Wczoraj Ewald Nowotny, szef National Bank of Austria i członek Rady Prezesów Europejskiego Banku Centralnego powiedział, że ważne jest, by przed rewizją polityki pieniężnej poczekać i zobaczyć, jak funkcjonują już ogłoszone przez EBC programy. 

Również członek EBC i prezes Bundesbanku, Jens Weidmann narzekał na to, że szef banku centralnego Mario Draghi wymienił konkretną kwotę, o jaką chce zwiększyć bilans EBC, deklarując tym samym konkretne cele.
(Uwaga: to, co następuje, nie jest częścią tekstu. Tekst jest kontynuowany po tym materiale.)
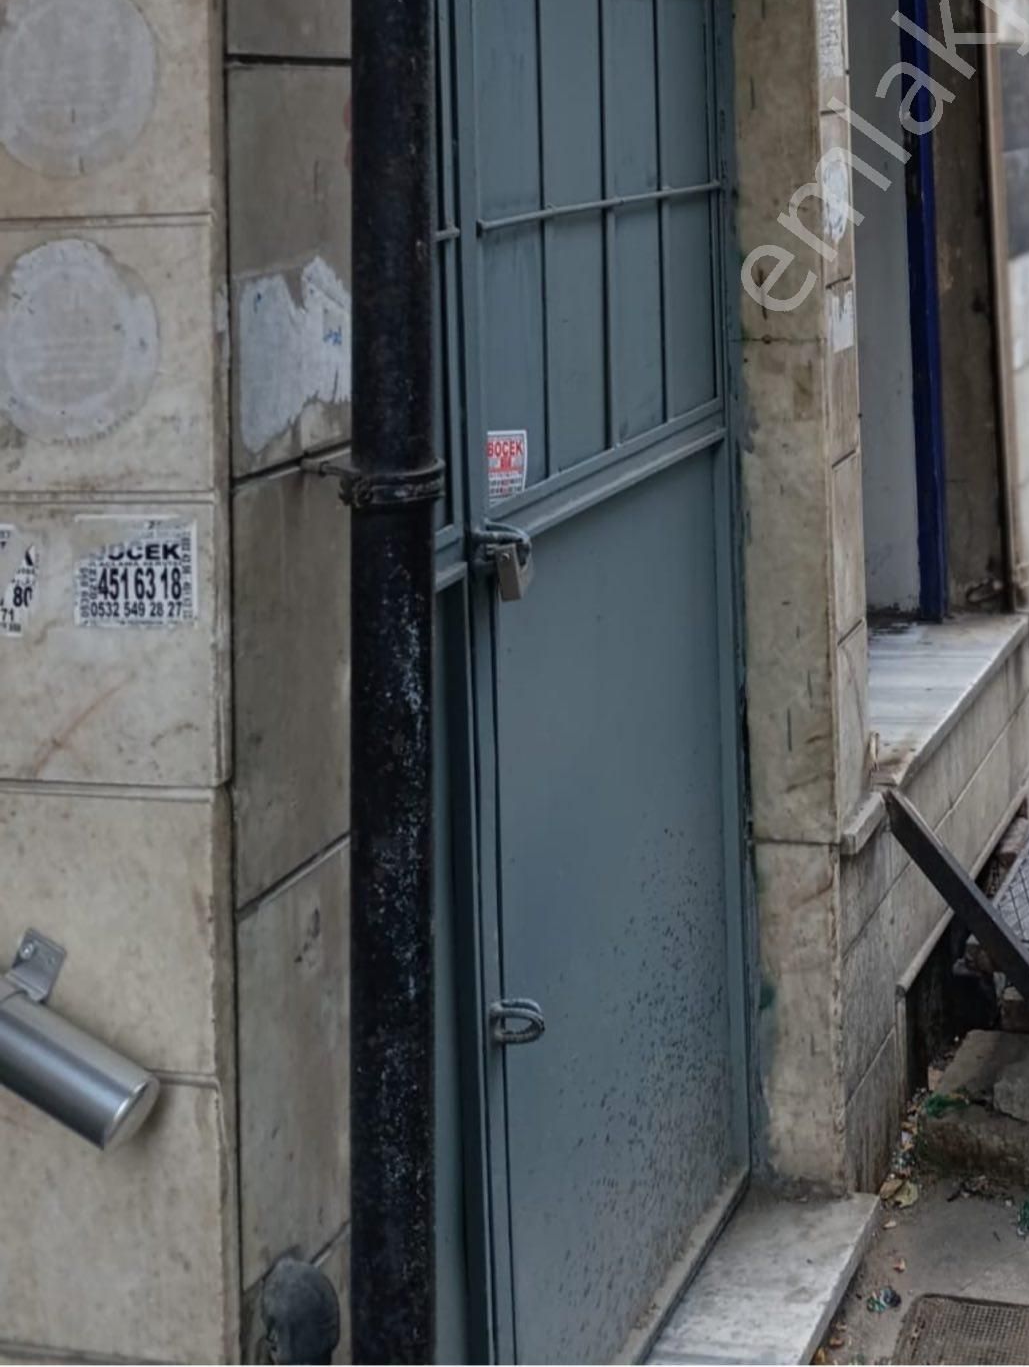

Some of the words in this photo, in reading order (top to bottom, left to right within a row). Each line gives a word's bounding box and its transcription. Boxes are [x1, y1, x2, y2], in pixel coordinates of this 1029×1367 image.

[98, 567, 130, 600] 451
[134, 567, 156, 600] 63
[161, 567, 182, 600] 18
[90, 601, 119, 618] 0532
[124, 601, 145, 618] 549
[150, 601, 164, 618] 28
[167, 601, 183, 618] 27
Weidmann twierdzi, że bankowi centralnemu grozi przepłacenie za aktywa, które zamierza nabyć.

Norwegia podała dziś najnowszą dynamikę inflacji. W ostatnim czasie waluta tego kraju pozostawała zasadniczo poza zasięgiem uwagi inwestorów, jednak dziś była bardzo narażona na spadki, którym mogły zapobiec jedynie bardzo pozytywne dane na temat wzrostu cen.

W ostatnim czasie cena ropy absolutnie się załamała. Poza tym inwestorów ogarnęła beztroska w stosunku do NOK, gdyż kierowali się informacjami z ostatniego posiedzenia Norges Bank, na którym przedstawiono stabilną prognozę polityki; z kolei rząd w budżecie na przyszły rok zakłada, że cena ropy wyniesie 100 USD - tymczasem na rynku spot odmiana Brent właśnie potaniała do 85 dolarów za baryłkę. 

W przyszłym roku norweska gospodarka będzie musiała zmierzyć się z ogromną presją. John Maynard Keynes powiedział kiedyś: „Gdy zmieniają się fakty, ja zmieniam zdanie - a co Pan robi?" 

Norges Bank będzie musiał zmienić zdanie, a że ewidentnie najmniej spośród banków centralnych przejmuje się wysyłaniem rynkowi konsekwentnych sygnałów, może to zatem zrobić już wkrótce. Tymczasem po publikacji słabej dynamiki CPI notowaniom EUR/NOK grozi dziś dojście aż do górnej granicy przedziału wahań.

Wykres: EUR/NOK

Ze względu na publikację norweskiego CPI na pierwszy plan wysuwa się dziś waluta tego kraju. Nawet gdyby indeks ten okazał się lepszy niż oczekiwano, spodziewałem się wyprzedaży NOK, gdyż otoczenie rynkowe wcale nie jest korzystne, biorąc pod uwagę nieciekawą awersję do ryzyka i niezwykle głęboką wyprzedaż, trwającą na rynku ropy naftowej od kilku miesięcy - od szczytowego momentu surowiec ten potaniał już o ponad 25 dolarów za baryłkę. 

Kluczowy rejon, w którym mogły zacząć się wzrosty, wyznaczała 200-dniowa średnia krocząca na poziomie 8,27, natomiast 8,30 i 8,45/8,50 wydają się być istotnymi poziomami oporu na granicy przedziału wahań, trzeba je zatem obserwować.

Co dalej?

Dziś w kalendarzu mamy kilka wydarzeń, które mogą rozproszyć inwestujących w koronę norweską i dolara kanadyjskiego, ale w chwili obecnej na rynku dominuje zmęczenie po trzech dniach szaleńczej aktywności. 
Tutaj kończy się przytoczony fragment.